The agency is taking a tougher stance because the industry’s efforts haven’t done enough to stem the spread of pesticide-resistant rootworms in the Midwest, officials said.
“It is getting worse,” said Bill Jordan, the EPA’s deputy head of pesticide programs. “What’s happened so far hasn’t prevented these problems from arising, so we see need for something more.”
Seed-company officials say they already encourage farmers to alternate planting of corn and other crops like soybeans to prevent resistant rootworms from establishing themselves. Other efforts also have helped, such as planting small quantities of non-biotech corn in parts of farmers’ fields to slow the bugs’ evolution, they say. Each year, the rootworm costs U.S. corn farmers about $1 billion to $2 billion in damages and outlays to thwart the insect, according to Michael Gray, an entomologist at the University of Illinois at Urbana-Champaign.
Parts of the EPA’s plan are “quite prescriptive,” said Jeff Bookout, head of U.S. commercial stewardship at Monsanto and chairman of the Agricultural Biotechnology Stewardship Technical Committee, an industry group. “We need to make sure we provide choices and options for growers…not a one-size-fits all [solution].”
Genetically modified corn capable of producing the bug-killing protein Bacillus thuringiensis was planted on an estimated 80% of U.S. cornfields last year, up from 19% in 2000, according to the U.S. Department of Agriculture.
Midwestern farmers’ embrace of pest-resistant corn since the first varieties’ launch in 1996 has diminished its power over some bugs like the corn rootworm, however. Repeated exposure to the corn’s bug-killing proteins means that the small number of rootworms that are able to consume the BT toxin and live can reproduce by the thousands and spread across fields that are used to grow corn year after year.
Researchers at Iowa State University in 2011 documented rootworms in an Iowa corn field that had evolved to withstand a biotech corn variety created by Monsanto and first sold in 2003. Last year, Iowa State scientists separately confirmed rootworm resistance to a separate corn variety developed by Syngenta AG , which has been on the market since 2007. Researchers also have documented resistance in Illinois, Nebraska, and Minnesota.
Researchers have yet to confirm rootworm resistance to a separate, newer strain of Syngenta corn, along with a variety developed by DuPont and Dow Chemical.
“The worst-case scenario is, over large areas, the [insect-resistant] corn plants will lose effectiveness, and growers will be forced to rely much more on insecticides,” said Bruce Tabashnik, an entomology professor at the University of Arizona. “That’s bad for their bottom line, and it’s bad for the environment.”
Among its proposed changes, the EPA would require makers of rootworm-resistant corn to curb some repeated corn planting in areas badly afflicted by the pest.
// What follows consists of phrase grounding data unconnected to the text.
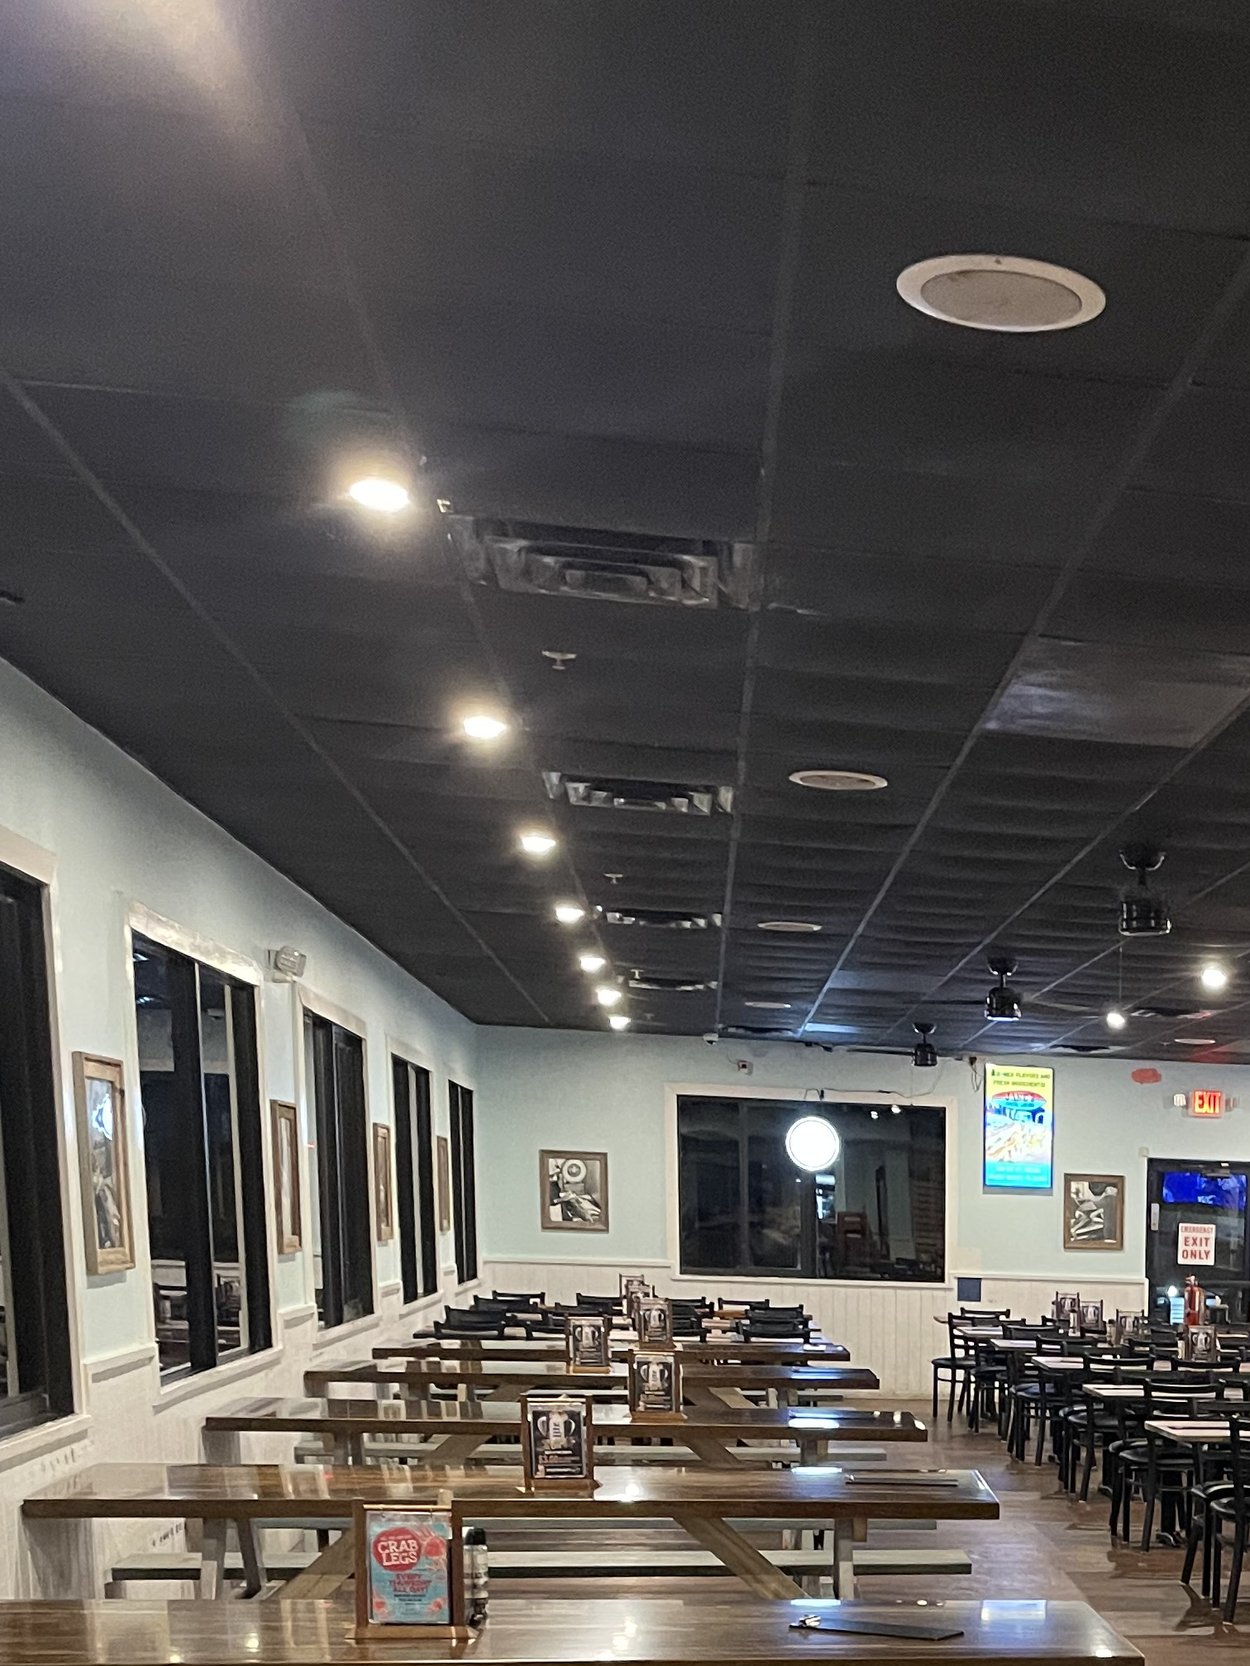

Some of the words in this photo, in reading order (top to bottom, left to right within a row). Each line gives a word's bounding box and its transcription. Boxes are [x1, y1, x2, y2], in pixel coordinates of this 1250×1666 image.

[1194, 1091, 1221, 1114] EXIT
[1184, 1236, 1210, 1247] EXIT
[1181, 1249, 1211, 1260] ONLY
[377, 1539, 419, 1554] CRAB
[381, 1551, 418, 1566] LEGS
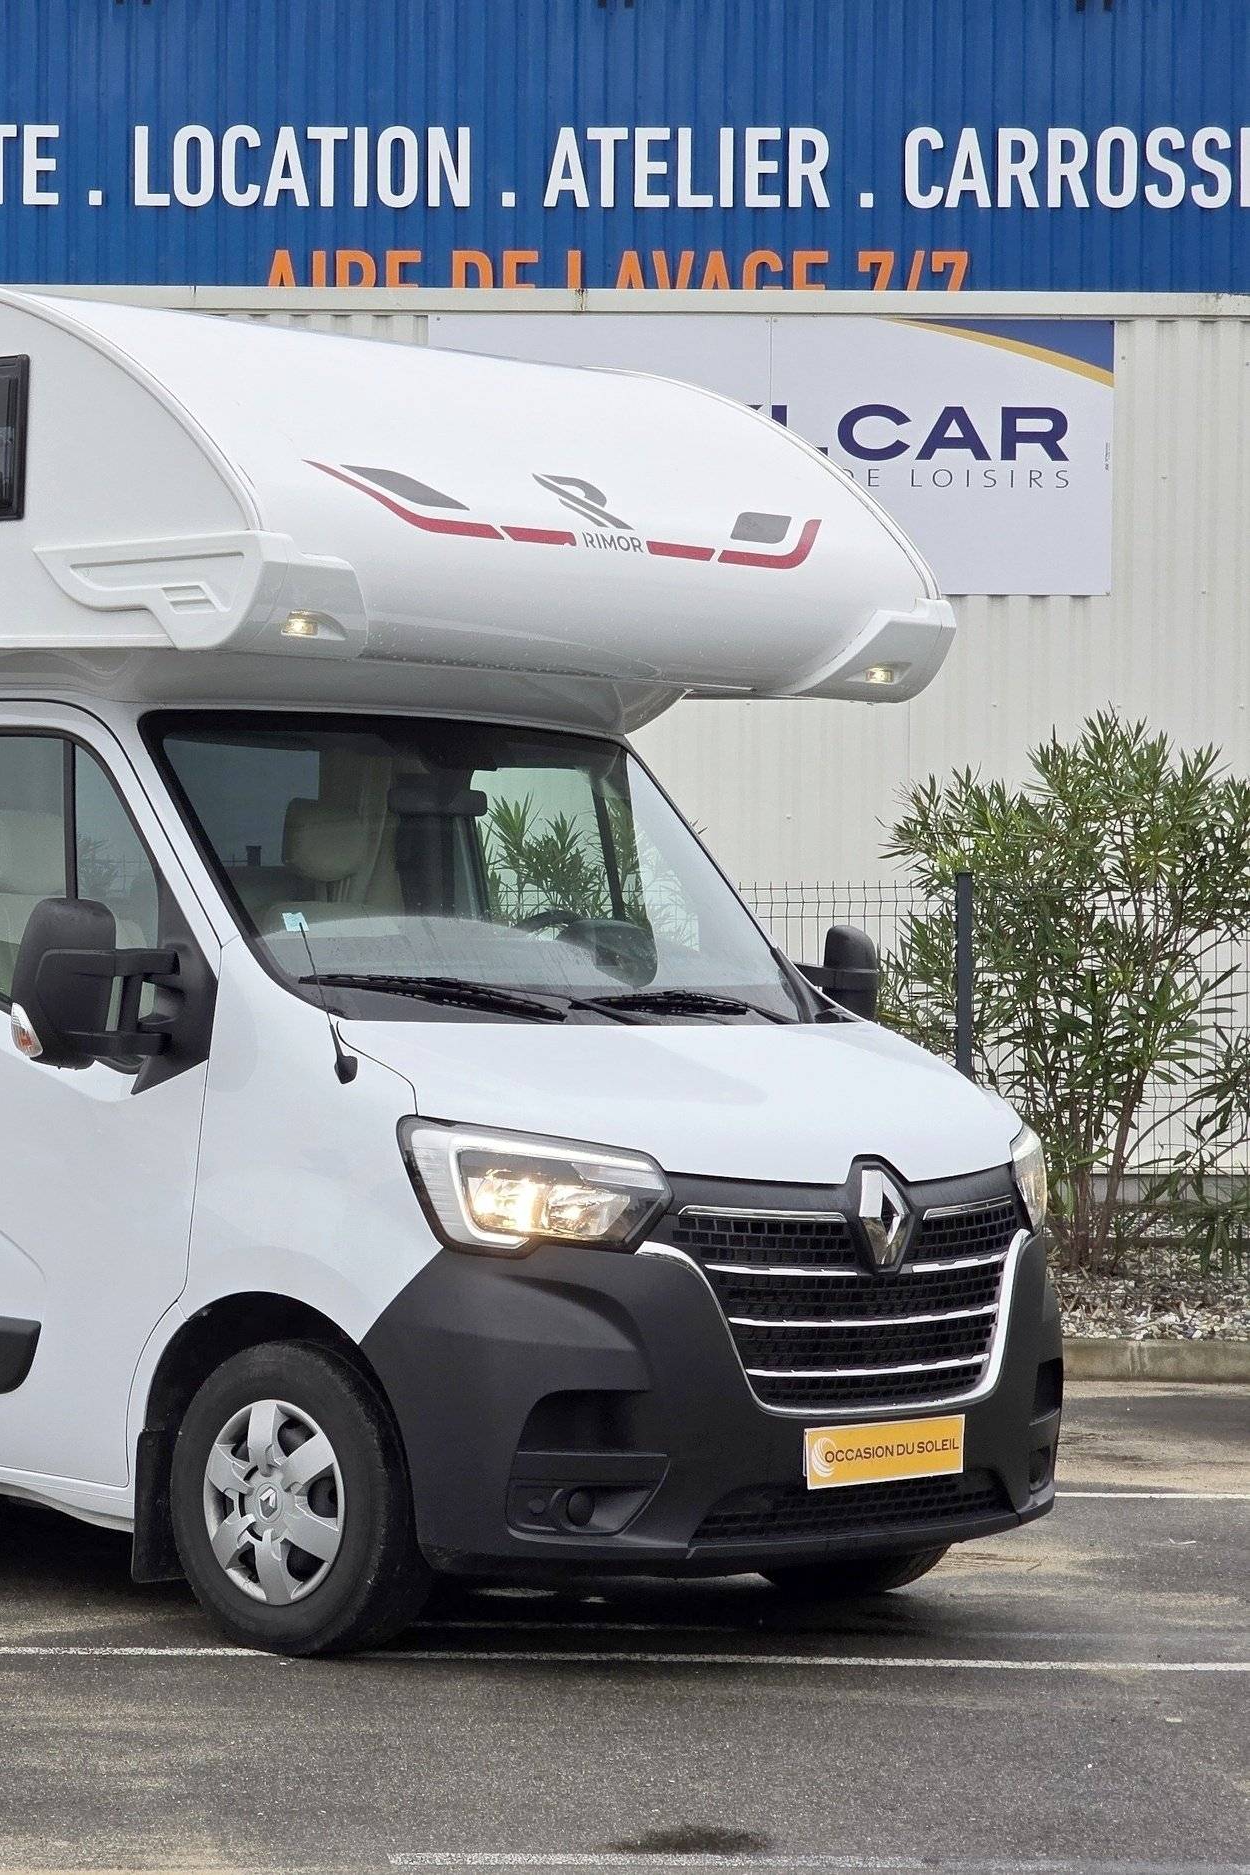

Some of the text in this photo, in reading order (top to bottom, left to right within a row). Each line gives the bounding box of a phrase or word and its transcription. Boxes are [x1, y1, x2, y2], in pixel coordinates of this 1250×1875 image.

[134, 124, 471, 208] LOCATION
[543, 127, 831, 208] ATELIER
[904, 126, 1250, 208] CARROSS
[910, 469, 1069, 489] LOISIRS
[582, 532, 644, 553] RIMOR
[824, 1438, 959, 1463] OCCASION DU SOLEIL
In portions of Iowa, Illinois, Nebraska and some surrounding states — what EPA officials called the rootworm “red zone” — the agency is pushing for about 35% of corn fields to be planted with another crop, such as soybeans, after two consecutive years of planting of rootworm-resistant biotech corn. Other high-risk fields should be planted with newer corn that can produce multiple types of bug-killing proteins, according to the EPA proposal.
Seed companies could incorporate such requirements into the agreements farmers sign when they buy biotech corn, or use incentives to encourage participation, according to regulators. The EPA said it is open to discussing other approaches.
Adding leverage for the EPA: 15 varieties of insect-resistant biotech corn must be re-registered with the regulator by Sept. 30, which requires producers such as Monsanto, DuPont, and Syngenta to outline current plans to stem pest resistance.
Boyd Epperson, a Nebraska corn farmer who has grappled with resistant rootworms since 2013, bristled at the EPA’s proposal, saying it could limit his business choices. “To me, it should be more an individual decision and not the government telling us what to do,” he said.